Listing 4-6. Linux autoconf.h
/*
* USB support
*/
#define CONFIG_USB_MODULE 1
#undef CONFIG_USB_DEBUG
/*
* Miscellaneous USB options
*/
#define CONFIG_USB_DEVICEFS 1
#undef CONFIG_USB_BANDWIDTH
#undef CONFIG_USB_DYNAMIC_MINORS
/*
* USB Host Controller Drivers
*/
#define CONFIG_USB_EHCI_HCD_MODULE 1
#undef CONFIG_USB_EHCI_SPLIT_ISO
#undef CONFIG_USB_EHCI_ROOT_HUB_TT
#define CONFIG_USB_OHCI_HCD_MODULE 1
#define CONFIG_USB_UHCI_HCD_MODULE 1
If you haven't already done so, execute make gconfig in your top-level kernel source directory, and poke around this configuration utility to see the large number of subsections and configuration options available to the Linux developer. As long as you don't explicitly save your changes, they are lost upon exiting the configuration editor and you can safely explore without modifying your kernel configuration.[32] Many configuration parameters contain helpful explanation text, which can add to your understanding of the different configuration options.
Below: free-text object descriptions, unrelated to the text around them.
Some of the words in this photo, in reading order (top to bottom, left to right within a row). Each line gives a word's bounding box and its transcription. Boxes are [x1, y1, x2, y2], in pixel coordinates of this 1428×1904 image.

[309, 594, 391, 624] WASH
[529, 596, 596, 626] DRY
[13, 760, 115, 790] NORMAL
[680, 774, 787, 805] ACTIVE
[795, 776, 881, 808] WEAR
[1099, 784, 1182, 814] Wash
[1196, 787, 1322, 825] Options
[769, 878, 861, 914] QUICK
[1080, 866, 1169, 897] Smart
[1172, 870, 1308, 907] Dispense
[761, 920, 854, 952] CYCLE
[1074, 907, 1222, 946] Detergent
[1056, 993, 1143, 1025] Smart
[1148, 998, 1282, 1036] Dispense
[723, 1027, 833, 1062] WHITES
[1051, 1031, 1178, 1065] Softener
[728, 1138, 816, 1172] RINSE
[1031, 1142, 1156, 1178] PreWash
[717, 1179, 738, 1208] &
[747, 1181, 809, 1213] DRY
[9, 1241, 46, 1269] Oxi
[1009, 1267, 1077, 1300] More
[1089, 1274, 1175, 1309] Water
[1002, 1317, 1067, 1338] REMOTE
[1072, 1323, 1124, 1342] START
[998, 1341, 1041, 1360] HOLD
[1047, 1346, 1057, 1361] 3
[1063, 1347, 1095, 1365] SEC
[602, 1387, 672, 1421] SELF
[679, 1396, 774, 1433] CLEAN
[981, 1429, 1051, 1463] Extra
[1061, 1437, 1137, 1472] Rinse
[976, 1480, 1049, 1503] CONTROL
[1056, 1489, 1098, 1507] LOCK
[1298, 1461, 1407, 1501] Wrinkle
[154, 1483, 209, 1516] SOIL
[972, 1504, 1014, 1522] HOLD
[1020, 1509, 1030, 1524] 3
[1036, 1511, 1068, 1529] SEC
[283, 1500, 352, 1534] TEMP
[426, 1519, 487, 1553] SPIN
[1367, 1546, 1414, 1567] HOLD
If you type make help at the top-level Linux source directory, you are presented with a list of targets that can be generated from the source tree. The most common use of make is to specify no target. This generates the kernel ELF file vmlinux and is the default binary image for your chosen architecture (for example, bzImage for x86). Specifying make with no target also builds all the device-driver modules (kernel-loadable modules) specified by the configuration.
Many architectures and machine types require binary targets specific to the architecture and bootloader in use. One of the more common architecture specific targets is zImage. In many architectures, this is the default target image that can be loaded and run on the target embedded system. One of the common mistakes that newcomers make is to specify bzImage as the make target. The bzImage target is specific to the x86/PC architecture. Contrary to popular myth, the bzImage is not a bzip2 -compressed image. It is a big zImage. Without going into the details of legacy PC architecture, it is enough to know that a bzImage is suitable only for PC-compatible machines with an industry-standard PC-style BIOS.
Listing 4-7 contains the output from make help from a recent Linux kernel. You can see from the listing that many targets are available in the top-level Linux kernel makefile. Each is listed along with a short description of its use. It is important to realize that even the help make target (as in make help) is architecture specific. You get a different list of architecture-specific targets depending on the architecture you pass on the make invocation. Listing 4-7 illustrates an invocation that specifies the ARM architecture, as you can see from the make command line.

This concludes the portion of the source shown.